▶ Task item
In the records below, find the line containing "Some of the words"; restate it and every later line word for word, through the last.

▶ Supplied information
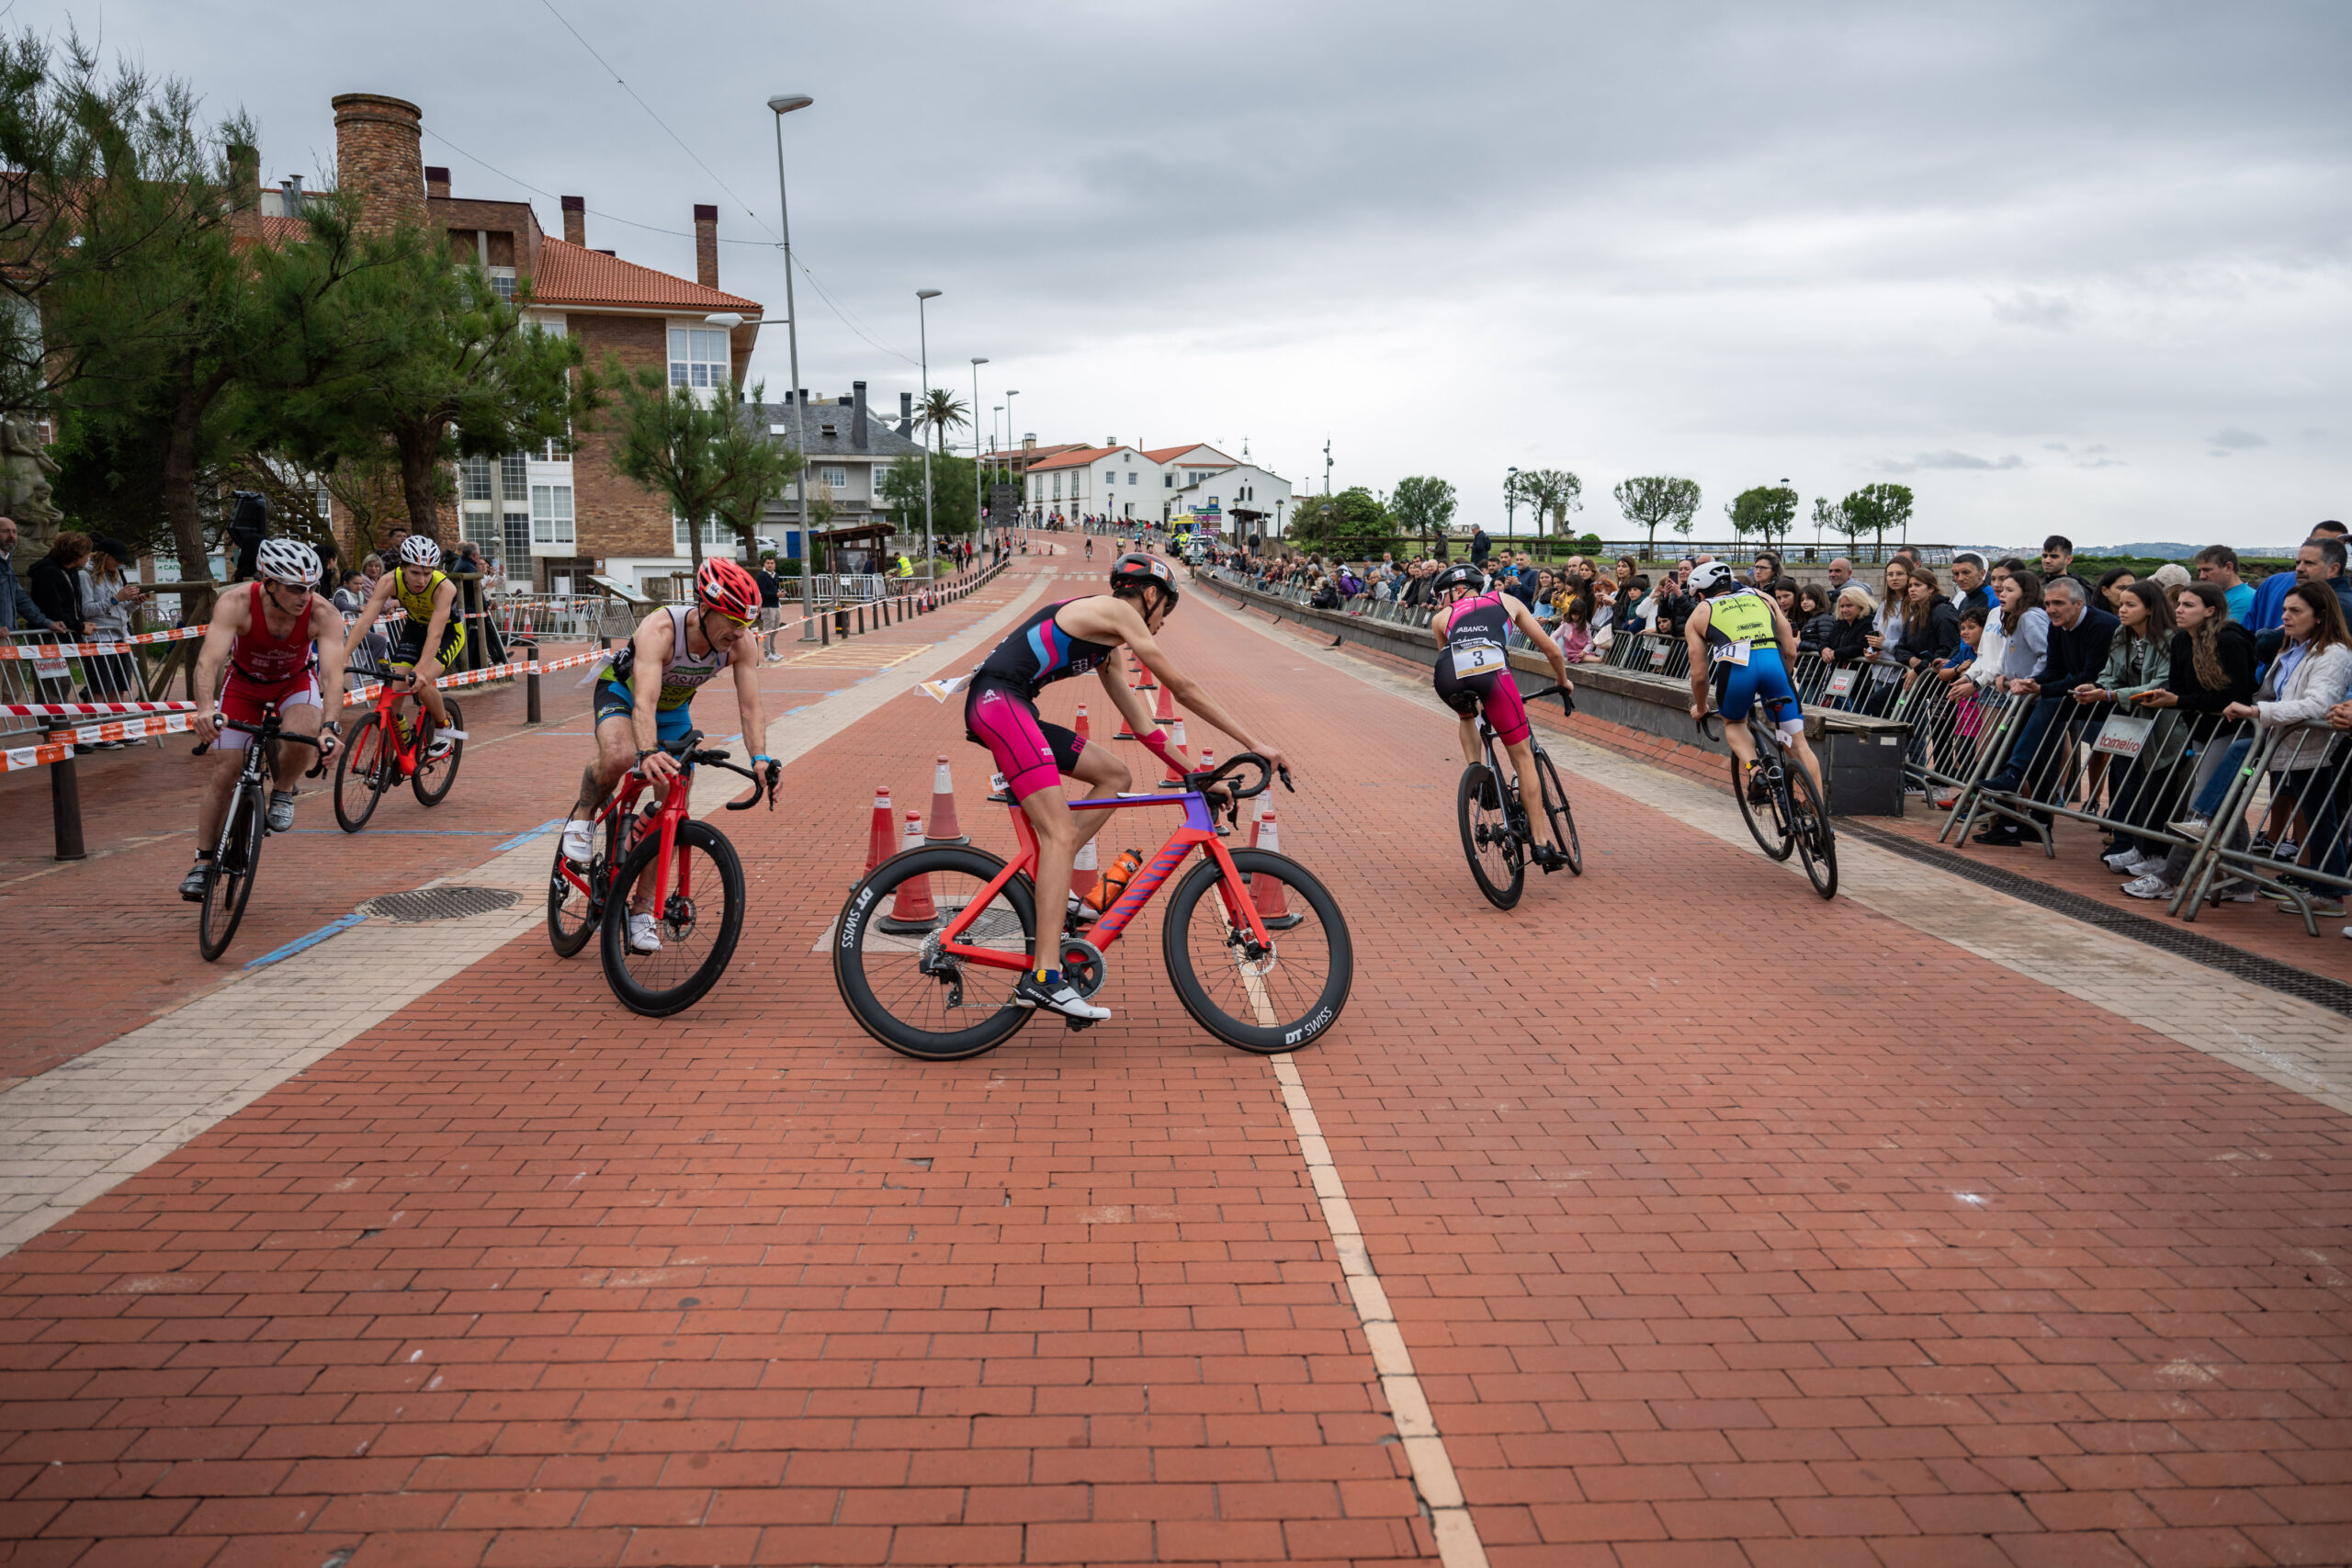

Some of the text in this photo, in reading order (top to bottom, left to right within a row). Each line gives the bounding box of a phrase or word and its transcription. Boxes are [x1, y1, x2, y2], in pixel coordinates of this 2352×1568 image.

[1455, 626, 1489, 634] ABANCA
[1473, 650, 1485, 667] 3
[1099, 843, 1193, 931] CANYON
[842, 886, 875, 949] DT SWISS
[1026, 987, 1052, 1003] SCOTT
[1285, 1006, 1332, 1045] DT SWISS
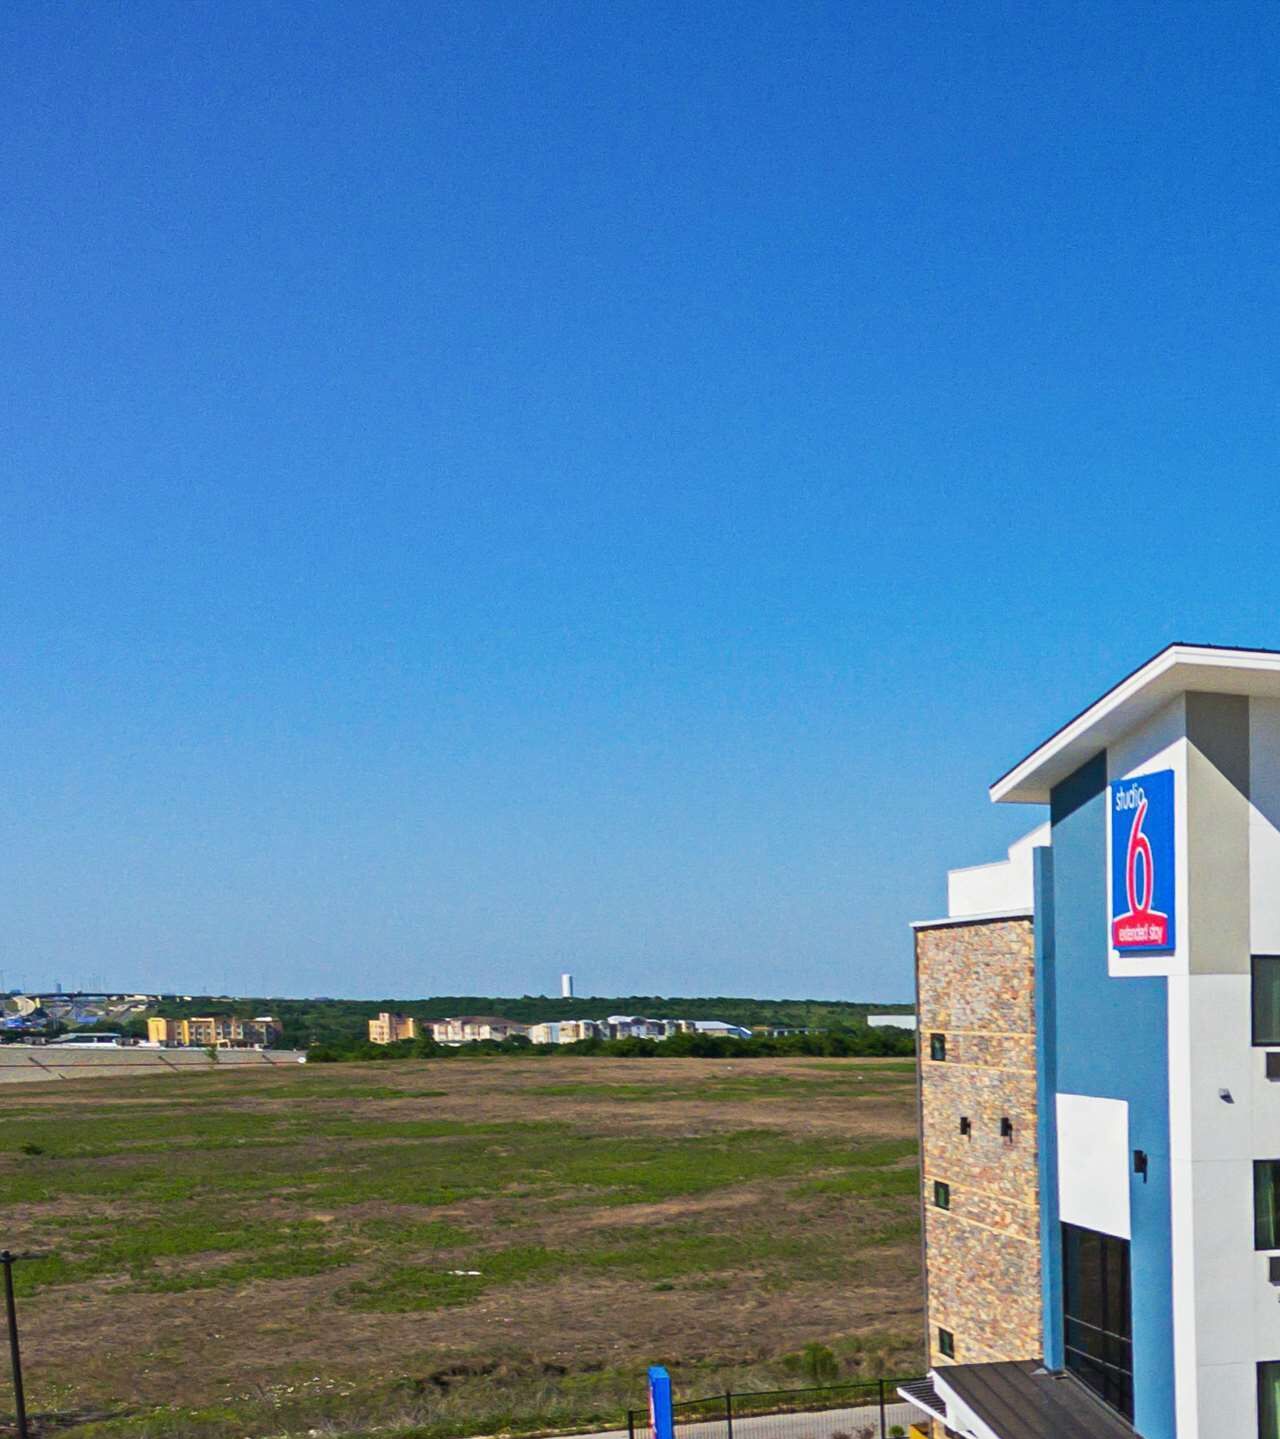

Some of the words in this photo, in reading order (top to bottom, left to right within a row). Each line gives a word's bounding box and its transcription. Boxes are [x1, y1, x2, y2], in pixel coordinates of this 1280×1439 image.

[1116, 783, 1145, 811] studio
[1126, 798, 1154, 914] 6
[1119, 924, 1148, 942] extended
[1149, 925, 1163, 944] stay

▶ Response area
Some of the words in this photo, in reading order (top to bottom, left to right within a row). Each line gives a word's bounding box and its transcription. Boxes are [x1, y1, x2, y2], in pixel coordinates of this 1280×1439 image.

[1116, 783, 1145, 811] studio
[1126, 798, 1154, 914] 6
[1119, 924, 1148, 942] extended
[1149, 925, 1163, 944] stay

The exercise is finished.